To assess any potential publication bias, we used funnel plots, Egger regression and 'trim and fill' approaches (Nakagawa and Santos 2012) across the whole dataset, and for the four hydrological attributes (see Appendix S5). Meta-analysis was performed in the ‘metafor’ package (Viechtbauer 2010), and linear models were fitted in R 3.4.1 version (R Core Team 2013).

Results

Our review of the literature yielded 585 references from which we identified 129 publications with empirical and herbivore specific data on the effects of herbivore activity on hydrological responses. From these publications, we extracted 3044 contrasts of an effect of livestock grazing on four broad hydrological variables from five continents (Asia, Europe, Australia, North America, South America, Africa; Figure 2). Most data reported information on water flow through the soil (infiltration, sorptivity; 77%; n = 2334 contrasts; Appendix S3), followed by sediment production (13%; n = 397), soil moisture (5%; n = 166) and runoff (5%; n = 147).
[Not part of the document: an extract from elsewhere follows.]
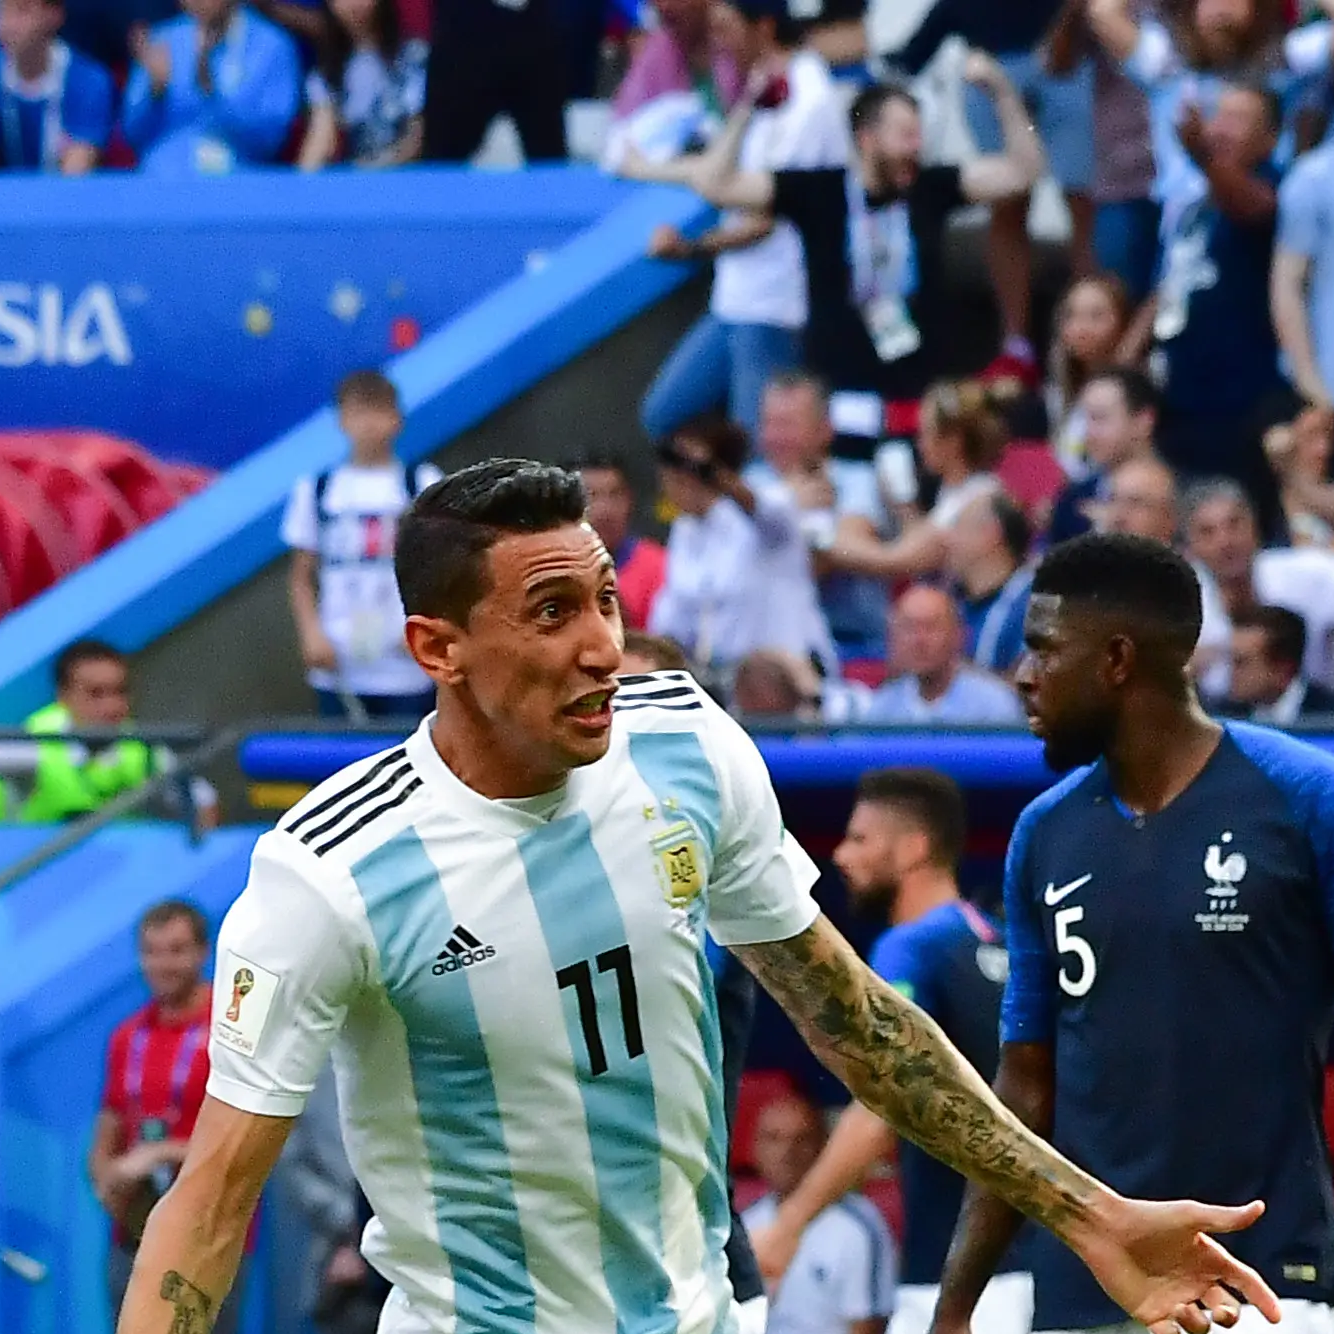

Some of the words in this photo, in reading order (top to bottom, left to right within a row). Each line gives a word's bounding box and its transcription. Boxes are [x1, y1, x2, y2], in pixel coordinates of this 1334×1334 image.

Most studies (69%) were from semiarid areas (Figure S2a in Appendix S4) and either grasslands (56%) or woodlands (36%; Figure S2b), but evenly distributed among clays, loams and sandy soils (Figure S2c). Studies focused mainly on the effects of cattle (55%) or sheep (26%; Figure S2d), with a relatively even distribution across the six different grazing contrasts (Figure S2e). Sixty-seven percent of observations were conducted at the fine (< 0.05 m2) spatial scales (Figure S2f).

Figure 2
figure 2

The global distribution of sites (red circles) used in the meta-analysis and the percentage of comparisons from each continent shown in different colours. Circle size represents the number of studies from each region.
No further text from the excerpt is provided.